REQUIRED WORK - Every line of the data below should be retyped exactly, with no images carried over.

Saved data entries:

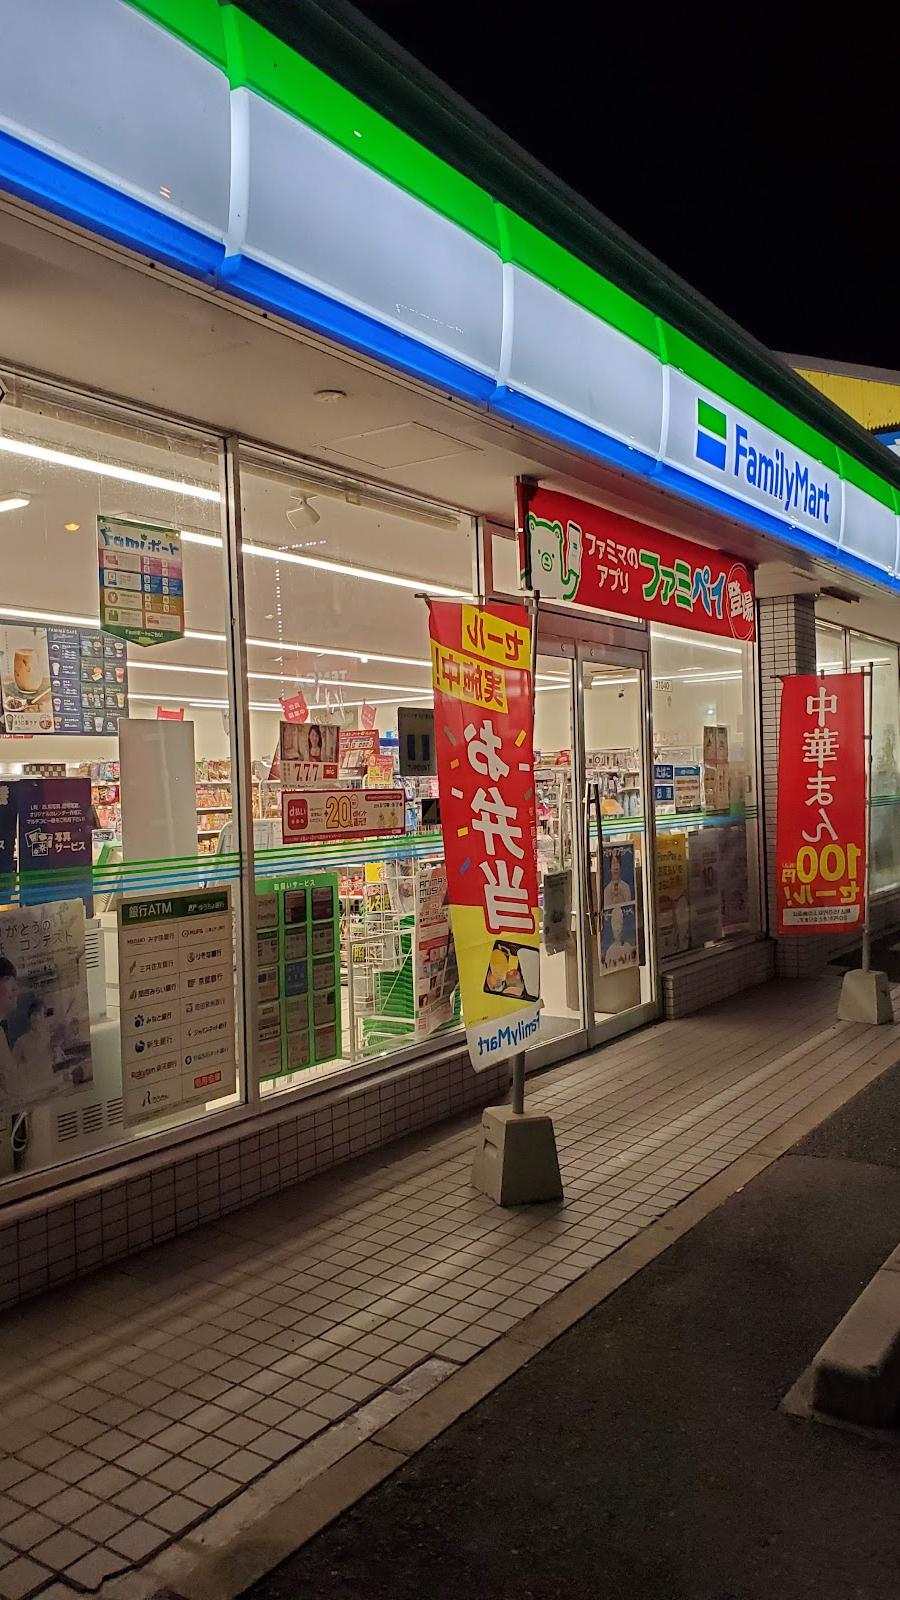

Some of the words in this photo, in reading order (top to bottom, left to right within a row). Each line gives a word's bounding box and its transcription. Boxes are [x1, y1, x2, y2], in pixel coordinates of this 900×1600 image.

[734, 423, 830, 524] FamilyMart
[584, 532, 640, 570] ファミマの
[596, 565, 630, 594] アプリ
[639, 549, 726, 620] ファミペイ
[727, 580, 754, 623] 登場
[54, 841, 86, 852] サービス
[128, 901, 172, 918] 銀行ATM
[20, 928, 73, 951] コンテスト
[195, 949, 222, 961] りそな銀行

WRITTEN SOLUTION -
Some of the words in this photo, in reading order (top to bottom, left to right within a row). Each line gives a word's bounding box and its transcription. Boxes are [x1, y1, x2, y2], in pixel coordinates of this 900×1600 image.

[734, 423, 830, 524] FamilyMart
[584, 532, 640, 570] ファミマの
[596, 565, 630, 594] アプリ
[639, 549, 726, 620] ファミペイ
[727, 580, 754, 623] 登場
[54, 841, 86, 852] サービス
[128, 901, 172, 918] 銀行ATM
[20, 928, 73, 951] コンテスト
[195, 949, 222, 961] りそな銀行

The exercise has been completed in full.